I think your contractor mostly doesn't want to have you spend money on something he could be back repairing in a few months when a more bulletproof solution is for you to just spend what it takes on a replacement, but it isn't his wallet.

Unless they are prepared to replace it totally, I don't know what having the warranty guy get involved will do. They are pretty much telling you already they don't back up their work.
 
They’re problematic. Limp along as long as possible and then get a new one. Not sure how a repair will work out.
 
I'd try to fix it myself if it was me. If you go the replacement route I would strongly recommend a different company if they dont warranty it. Heck if you don't want to do the repair a good common handyman should be able to fix that easily for you.
 
No way that should look like that after only 6 years of use - something's up and should be covered by warranty I'd think.

For reference, here's what mine looks like at 2 weeks shy of 6 years (replacement unit):
PhotoPictureResizer_20230102_204724_copy_701x935.jpg
 
Are you renting this water heater?
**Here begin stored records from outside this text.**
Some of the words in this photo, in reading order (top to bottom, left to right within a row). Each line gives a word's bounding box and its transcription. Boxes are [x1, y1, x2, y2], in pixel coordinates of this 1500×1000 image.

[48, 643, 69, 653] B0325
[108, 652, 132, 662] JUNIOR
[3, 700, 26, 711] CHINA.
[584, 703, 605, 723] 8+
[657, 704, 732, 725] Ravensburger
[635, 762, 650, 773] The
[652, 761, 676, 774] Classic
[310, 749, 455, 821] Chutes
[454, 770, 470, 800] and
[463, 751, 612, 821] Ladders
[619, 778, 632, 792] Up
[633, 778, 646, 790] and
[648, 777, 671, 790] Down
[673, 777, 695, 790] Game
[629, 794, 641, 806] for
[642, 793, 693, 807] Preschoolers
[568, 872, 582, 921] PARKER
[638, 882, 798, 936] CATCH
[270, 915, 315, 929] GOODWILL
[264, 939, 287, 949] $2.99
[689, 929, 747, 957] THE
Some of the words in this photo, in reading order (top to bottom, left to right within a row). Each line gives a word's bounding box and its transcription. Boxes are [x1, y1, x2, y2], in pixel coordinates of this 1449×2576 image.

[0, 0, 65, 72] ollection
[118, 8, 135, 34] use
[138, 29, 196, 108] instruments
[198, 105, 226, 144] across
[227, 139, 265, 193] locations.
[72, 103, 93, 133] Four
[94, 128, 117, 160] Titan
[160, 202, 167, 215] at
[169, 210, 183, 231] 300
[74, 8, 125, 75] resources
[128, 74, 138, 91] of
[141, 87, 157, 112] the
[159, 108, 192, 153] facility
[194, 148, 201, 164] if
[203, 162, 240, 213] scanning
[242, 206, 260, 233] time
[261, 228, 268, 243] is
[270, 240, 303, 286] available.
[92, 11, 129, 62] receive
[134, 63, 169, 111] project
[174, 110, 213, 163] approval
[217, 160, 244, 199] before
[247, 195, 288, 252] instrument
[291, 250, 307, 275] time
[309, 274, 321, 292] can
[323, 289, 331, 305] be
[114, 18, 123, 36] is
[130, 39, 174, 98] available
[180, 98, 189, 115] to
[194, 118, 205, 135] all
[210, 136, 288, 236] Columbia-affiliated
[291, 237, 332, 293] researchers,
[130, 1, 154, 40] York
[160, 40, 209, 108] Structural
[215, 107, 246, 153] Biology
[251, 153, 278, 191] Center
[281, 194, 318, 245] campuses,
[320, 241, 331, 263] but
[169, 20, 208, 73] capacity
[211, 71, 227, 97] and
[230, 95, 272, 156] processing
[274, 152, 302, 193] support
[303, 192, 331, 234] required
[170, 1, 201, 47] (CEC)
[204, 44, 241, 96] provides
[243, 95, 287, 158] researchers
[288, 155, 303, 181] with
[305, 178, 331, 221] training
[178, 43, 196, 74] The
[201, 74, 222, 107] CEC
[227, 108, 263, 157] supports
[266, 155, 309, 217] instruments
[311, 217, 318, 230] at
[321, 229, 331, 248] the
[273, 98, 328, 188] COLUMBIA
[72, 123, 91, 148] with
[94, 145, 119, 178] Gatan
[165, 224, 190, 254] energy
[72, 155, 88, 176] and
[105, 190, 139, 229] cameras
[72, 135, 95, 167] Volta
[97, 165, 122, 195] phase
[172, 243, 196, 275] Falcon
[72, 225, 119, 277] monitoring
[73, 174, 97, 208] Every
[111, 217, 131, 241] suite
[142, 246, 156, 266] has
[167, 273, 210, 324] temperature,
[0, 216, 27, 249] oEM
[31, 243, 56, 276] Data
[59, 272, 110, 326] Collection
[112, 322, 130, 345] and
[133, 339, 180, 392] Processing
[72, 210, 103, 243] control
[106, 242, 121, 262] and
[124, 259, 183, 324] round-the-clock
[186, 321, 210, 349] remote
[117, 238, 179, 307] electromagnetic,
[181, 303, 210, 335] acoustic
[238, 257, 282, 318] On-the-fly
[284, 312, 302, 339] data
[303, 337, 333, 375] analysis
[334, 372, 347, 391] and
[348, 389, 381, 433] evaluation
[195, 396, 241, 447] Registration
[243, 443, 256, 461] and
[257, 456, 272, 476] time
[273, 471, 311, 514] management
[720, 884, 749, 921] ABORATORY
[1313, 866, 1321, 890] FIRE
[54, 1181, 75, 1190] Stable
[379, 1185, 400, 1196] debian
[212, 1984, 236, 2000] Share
Why can you not perform maintenance? I understand voiding the company warranty by doing your own repairs, but how do they have a say in requiring you to buy a new heater?
Looks like gallvantic corrosion to me. Occurs when an electric current passes through two dissimilar metals.

Need a deltaic union to separate dissimilar metals.
 
Looks like gallvantic corrosion to me. Occurs when an electric current passes through two dissimilar metals.

Need a deltaic union to separate dissimilar metals.

Damn this man knows his water heaters.